• **PROBLEM DESCRIPTION**: Leave out the pictures and repeat the entries below verbatim.

┄┄┄┄┄┄┄┄┄┄

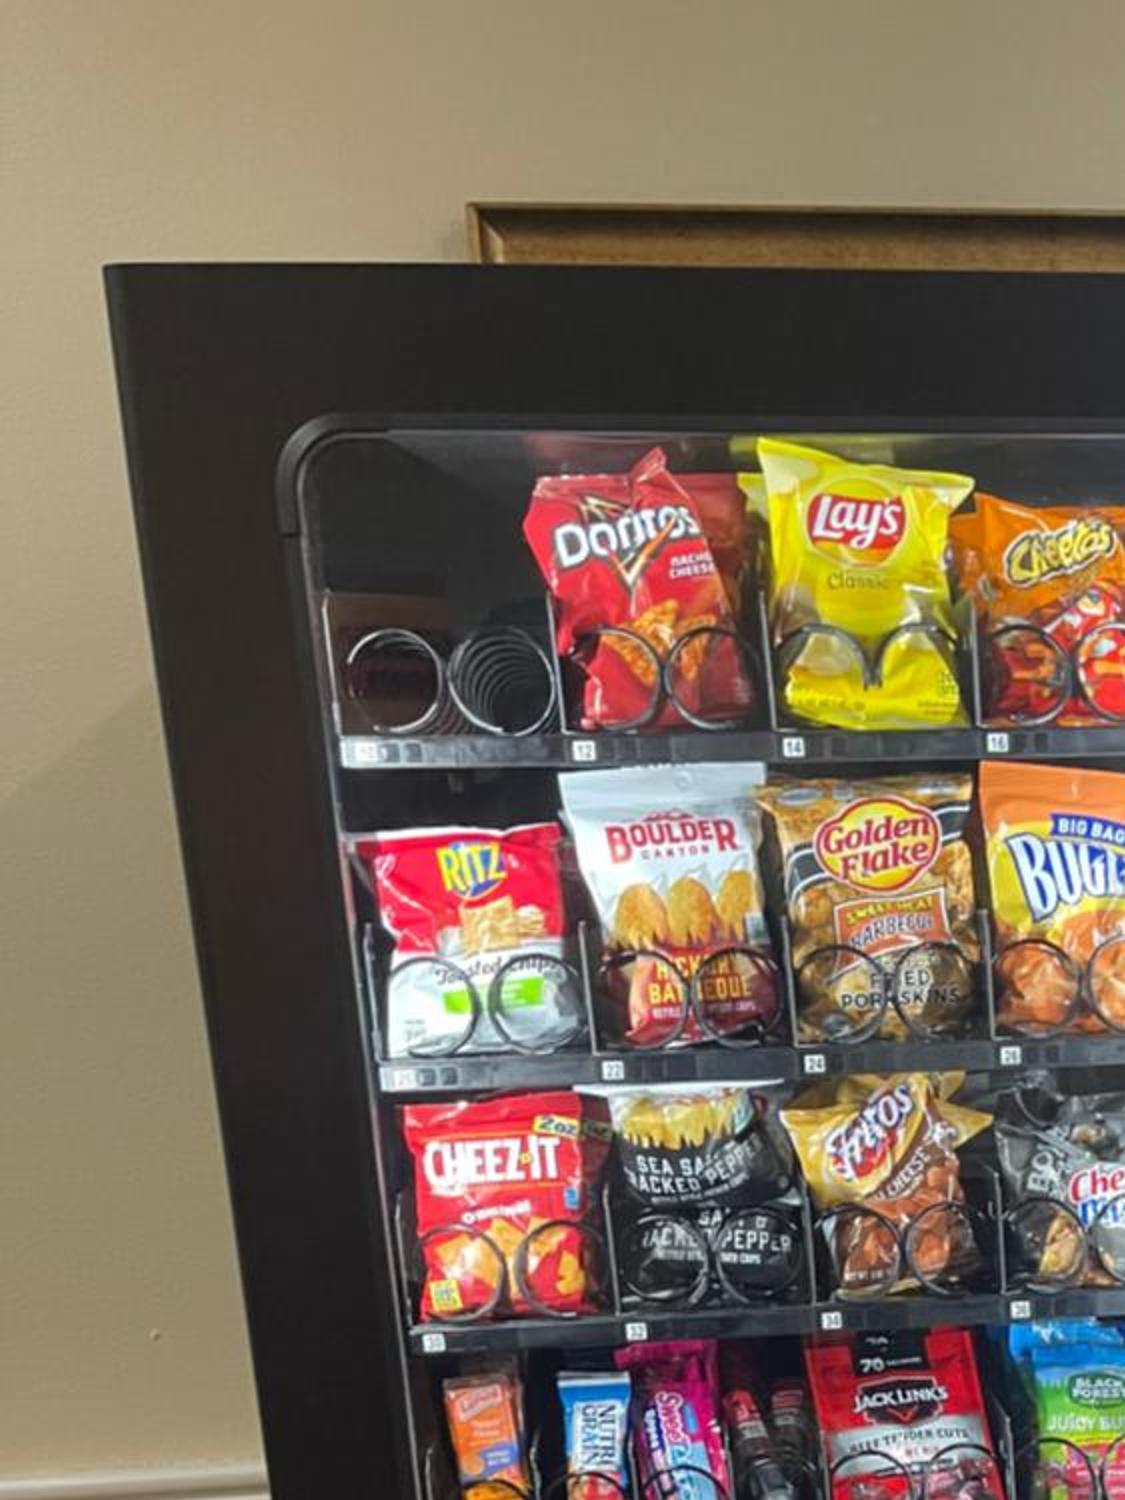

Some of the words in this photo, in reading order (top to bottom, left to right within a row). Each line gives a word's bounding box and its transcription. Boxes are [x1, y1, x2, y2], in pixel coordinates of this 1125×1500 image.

[554, 504, 702, 567] Doritos
[811, 495, 902, 549] Lay's
[1008, 520, 1116, 585] Cheetos
[605, 813, 739, 865] BOULDER
[822, 814, 931, 857] Golden
[1058, 818, 1088, 836] BIG
[434, 841, 508, 898] RITZ
[641, 844, 711, 862] CANYON
[841, 839, 930, 881] Flake
[636, 1153, 674, 1177] SEA
[852, 1390, 898, 1414] JACK
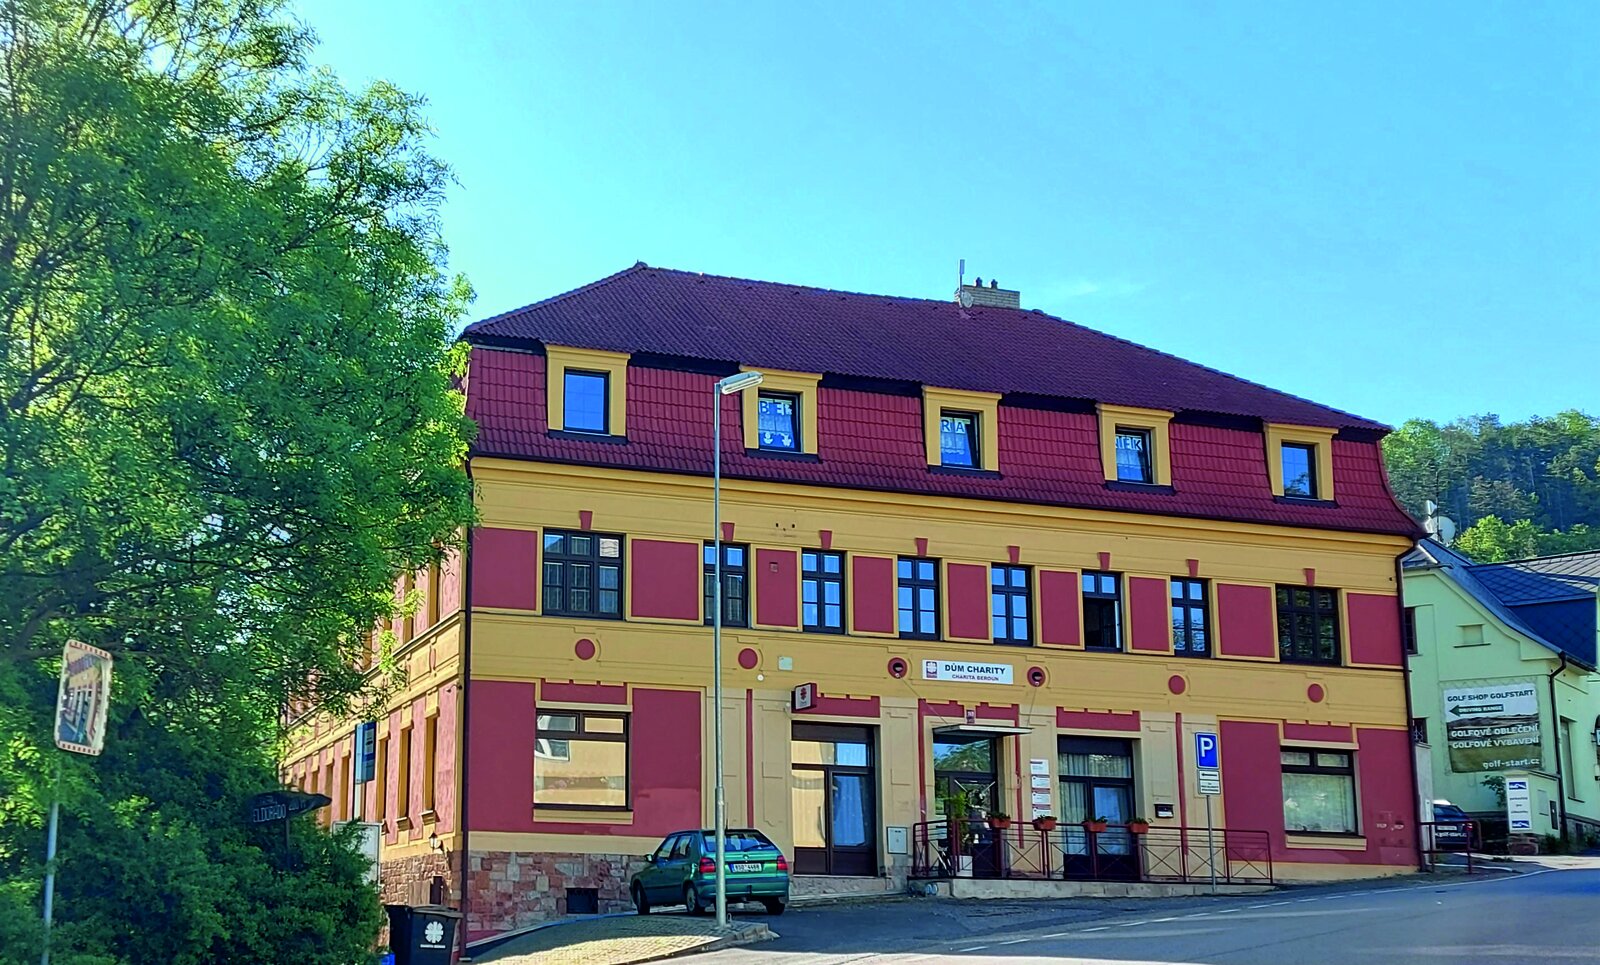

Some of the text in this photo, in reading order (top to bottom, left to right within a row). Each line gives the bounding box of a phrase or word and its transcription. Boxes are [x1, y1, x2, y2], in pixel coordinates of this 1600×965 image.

┄┄┄┄┄┄┄┄┄┄

• **EXERCISE SOLUTION**:
Some of the words in this photo, in reading order (top to bottom, left to right within a row). Each line gives a word's bounding box and its transcription. Boxes are [x1, y1, x2, y2], in pixel coordinates of this 1125×1500 image.

[554, 504, 702, 567] Doritos
[811, 495, 902, 549] Lay's
[1008, 520, 1116, 585] Cheetos
[605, 813, 739, 865] BOULDER
[822, 814, 931, 857] Golden
[1058, 818, 1088, 836] BIG
[434, 841, 508, 898] RITZ
[641, 844, 711, 862] CANYON
[841, 839, 930, 881] Flake
[636, 1153, 674, 1177] SEA
[852, 1390, 898, 1414] JACK

Some of the text in this photo, in reading order (top to bottom, left to right within a row). Each line gives the bounding box of a phrase or word and its transcription. Boxes are [x1, y1, x2, y2], in pixel coordinates of this 1600×965 image.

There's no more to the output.